Section 3. Representations and Warranties. To induce the Purchaser to enter into this Amendment, the Company represents and warrants that:

(a) Representations, Warranties; No Default. The warranties and representations of the Company contained in the Transaction Documents shall be true and correct as of the effective date hereof, with the same effect as though made on such date, except to the extent that such warranties and representations expressly relate to an earlier date.

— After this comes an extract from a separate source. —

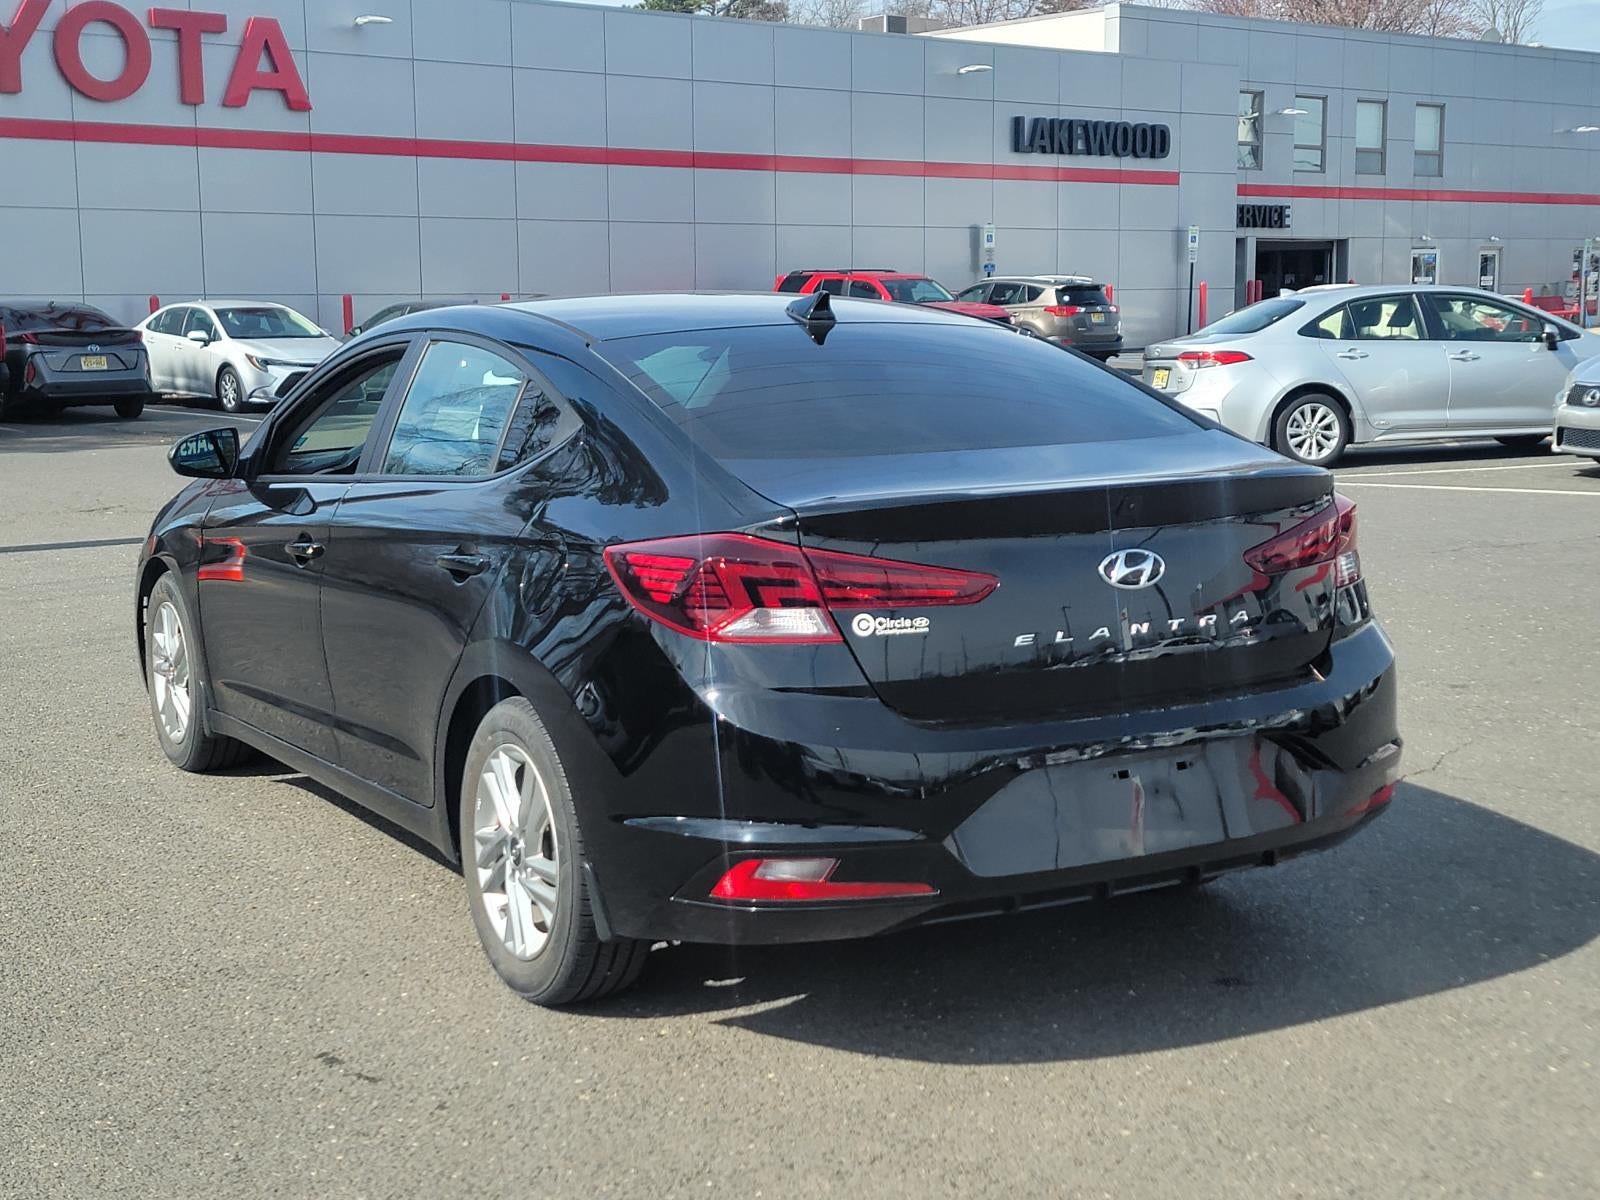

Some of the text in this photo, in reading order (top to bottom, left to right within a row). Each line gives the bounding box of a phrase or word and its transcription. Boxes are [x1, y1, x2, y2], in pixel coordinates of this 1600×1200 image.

[1012, 116, 1171, 159] LAKEWOOD
[875, 617, 912, 630] Circle
[1014, 610, 1249, 646] ELANTRA

No Event of Default or Potential Event of Default (other than the Existing Default) has occurred and is continuing under the Purchase Agreement.

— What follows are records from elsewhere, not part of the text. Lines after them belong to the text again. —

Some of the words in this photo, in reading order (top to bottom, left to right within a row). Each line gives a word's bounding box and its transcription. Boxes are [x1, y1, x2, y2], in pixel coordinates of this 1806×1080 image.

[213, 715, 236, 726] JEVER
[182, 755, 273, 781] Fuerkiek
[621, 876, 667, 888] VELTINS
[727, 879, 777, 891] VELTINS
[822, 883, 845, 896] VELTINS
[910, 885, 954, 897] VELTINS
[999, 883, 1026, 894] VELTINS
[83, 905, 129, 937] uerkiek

(b) Organizational Authority. (i) The execution, delivery and performance by the Company of this Amendment are within its corporate powers and have been duly authorized by all necessary corporate action, (ii) this Amendment is the legal, valid and binding obligation of the Company enforceable in accordance with its terms and (iii) neither the execution and delivery nor the performance by the Company of this Amendment (1) violates any law or regulation, or any other decree of any governmental body, (2) conflicts with or results in the breach or termination of, constitutes a default under or accelerates any performance required by, any indenture, mortgage, deed of trust, lease, agreement or other instrument to which such Person is a party or by which such Person or any of its property is bound, (3) results in the creation or imposition of any Lien, upon any of the Collateral (as defined in the Senior Loan Documents) other than Liens in favor of the Senior Lender, (4) violates or conflicts with the certificate of incorporation or bylaws of such Person, or (5) requires the consent, approval or authorization of, or declaration or filing with, any other Person, except for those already duly obtained.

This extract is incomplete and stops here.